- [Records for this exercise]:
________________________________________
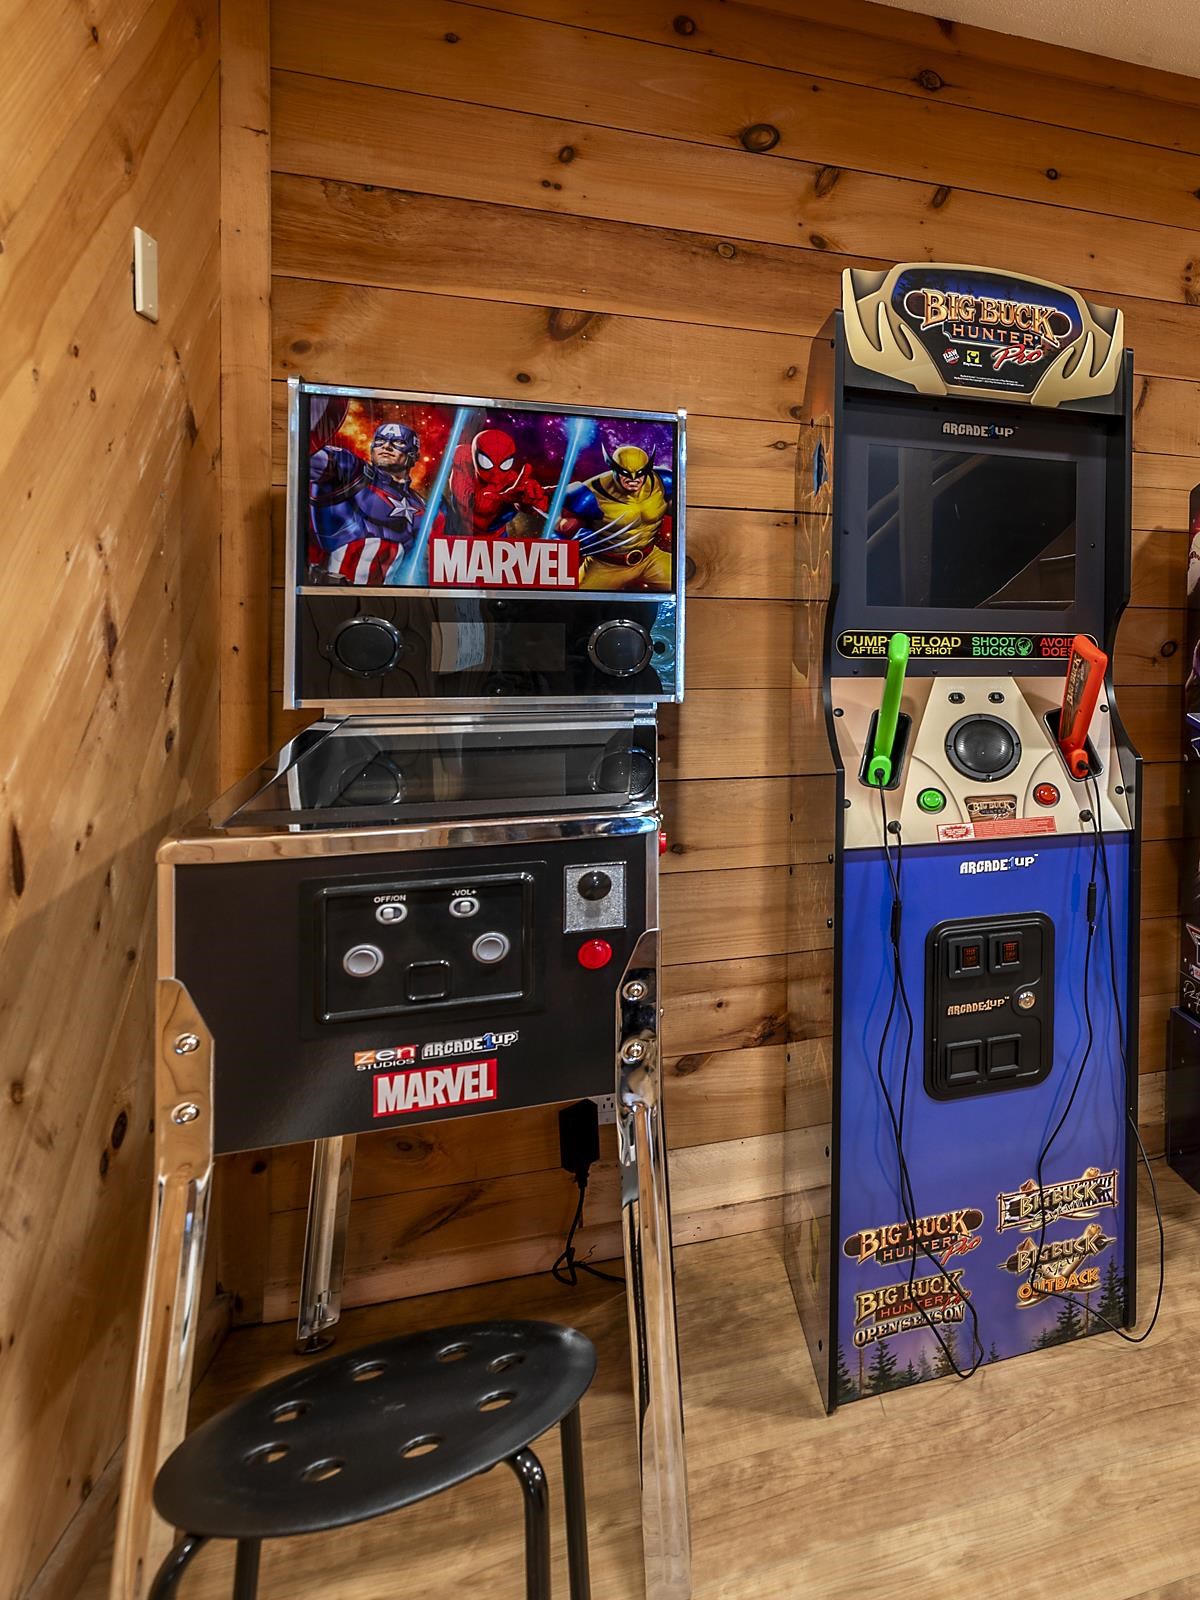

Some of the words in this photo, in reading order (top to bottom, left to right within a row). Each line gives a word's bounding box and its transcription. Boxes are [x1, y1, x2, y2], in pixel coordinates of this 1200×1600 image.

[922, 289, 976, 330] BIG
[979, 297, 1060, 347] BUCK
[952, 323, 1034, 346] HUNTER
[991, 343, 1044, 370] Pro
[433, 538, 575, 585] MARVEL
[852, 647, 886, 655] AFTER
[925, 647, 953, 655] SHOT
[971, 636, 1016, 646] SHOOT
[972, 647, 1016, 657] BUCKS
[374, 895, 407, 904] OFF/ON
[423, 1032, 518, 1058] ARCADE1UP
[356, 1058, 415, 1072] STUDIOS
[377, 1063, 494, 1114] MARVEL
[1052, 1182, 1099, 1203] BUCK
[857, 1223, 903, 1264] BIG
[906, 1208, 971, 1241] BUCK
[1051, 1234, 1099, 1258] BUCK
[1017, 1267, 1100, 1300] OUTBACK
[857, 1287, 899, 1324] BIG
[903, 1270, 964, 1301] BUCK
[852, 1320, 900, 1346] OPEN
________________________________________
- [Activity]:
All of the data should be returned word for word, with each picture left out.

- [Exercise output]:
Some of the words in this photo, in reading order (top to bottom, left to right within a row). Each line gives a word's bounding box and its transcription. Boxes are [x1, y1, x2, y2], in pixel coordinates of this 1200×1600 image.

[922, 289, 976, 330] BIG
[979, 297, 1060, 347] BUCK
[952, 323, 1034, 346] HUNTER
[991, 343, 1044, 370] Pro
[433, 538, 575, 585] MARVEL
[852, 647, 886, 655] AFTER
[925, 647, 953, 655] SHOT
[971, 636, 1016, 646] SHOOT
[972, 647, 1016, 657] BUCKS
[374, 895, 407, 904] OFF/ON
[423, 1032, 518, 1058] ARCADE1UP
[356, 1058, 415, 1072] STUDIOS
[377, 1063, 494, 1114] MARVEL
[1052, 1182, 1099, 1203] BUCK
[857, 1223, 903, 1264] BIG
[906, 1208, 971, 1241] BUCK
[1051, 1234, 1099, 1258] BUCK
[1017, 1267, 1100, 1300] OUTBACK
[857, 1287, 899, 1324] BIG
[903, 1270, 964, 1301] BUCK
[852, 1320, 900, 1346] OPEN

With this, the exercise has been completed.